··· Data in this exercise

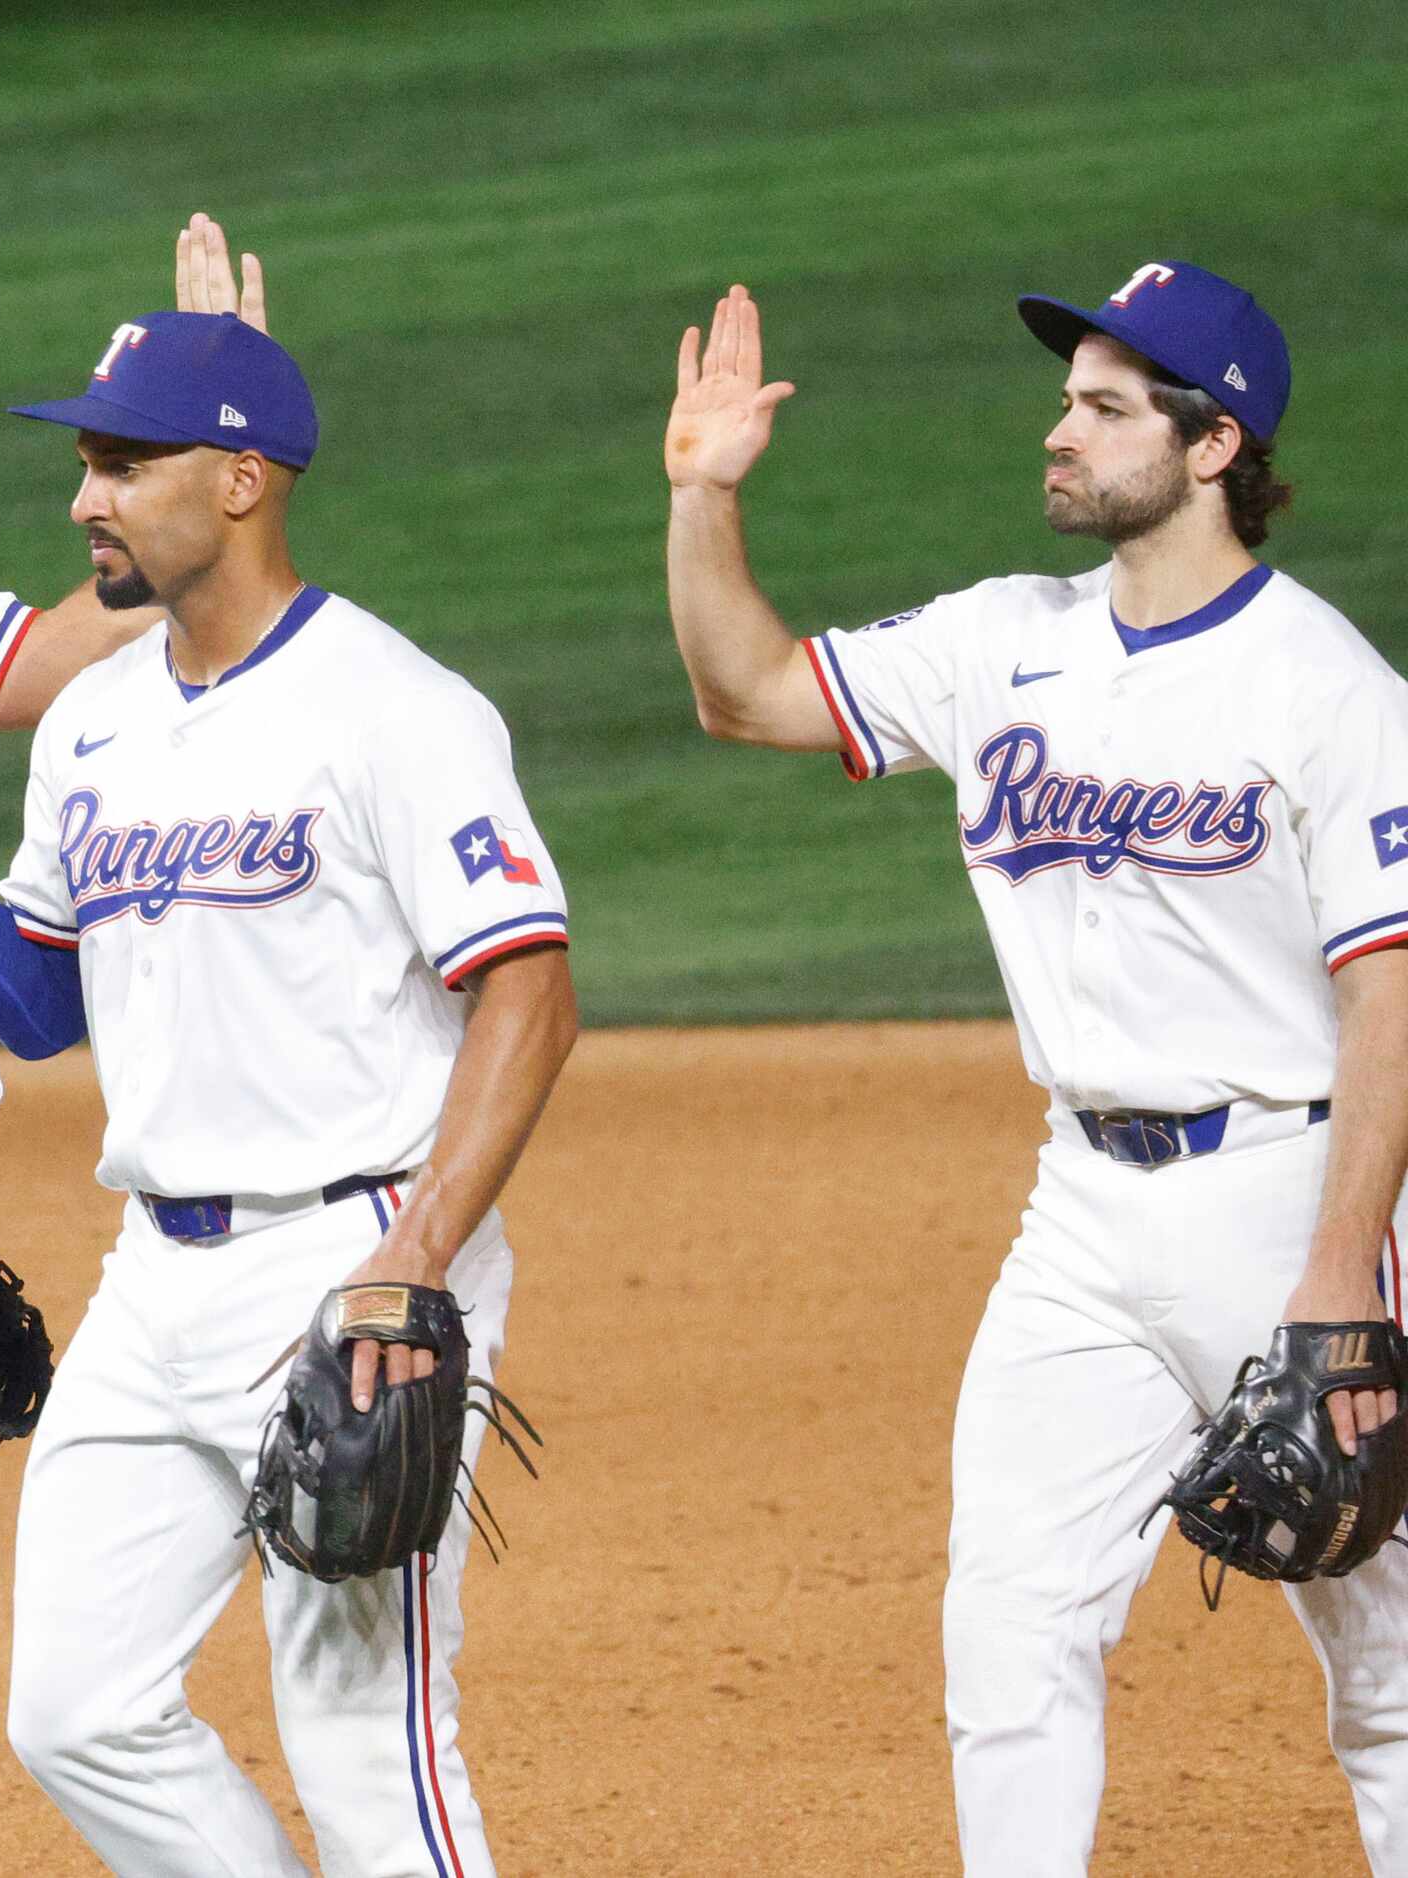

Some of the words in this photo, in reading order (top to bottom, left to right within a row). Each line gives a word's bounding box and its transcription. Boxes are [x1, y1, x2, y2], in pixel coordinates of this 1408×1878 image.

[1109, 263, 1178, 308] T
[94, 323, 151, 382] T
[960, 722, 1275, 882] Rangers
[59, 786, 324, 926] Rangers

······

Copy the lines above exactly and exclude every image.

Some of the words in this photo, in reading order (top to bottom, left to right within a row). Each line gives a word's bounding box and its transcription. Boxes are [x1, y1, x2, y2], in pixel coordinates of this 1408×1878 image.

[1109, 263, 1178, 308] T
[94, 323, 151, 382] T
[960, 722, 1275, 882] Rangers
[59, 786, 324, 926] Rangers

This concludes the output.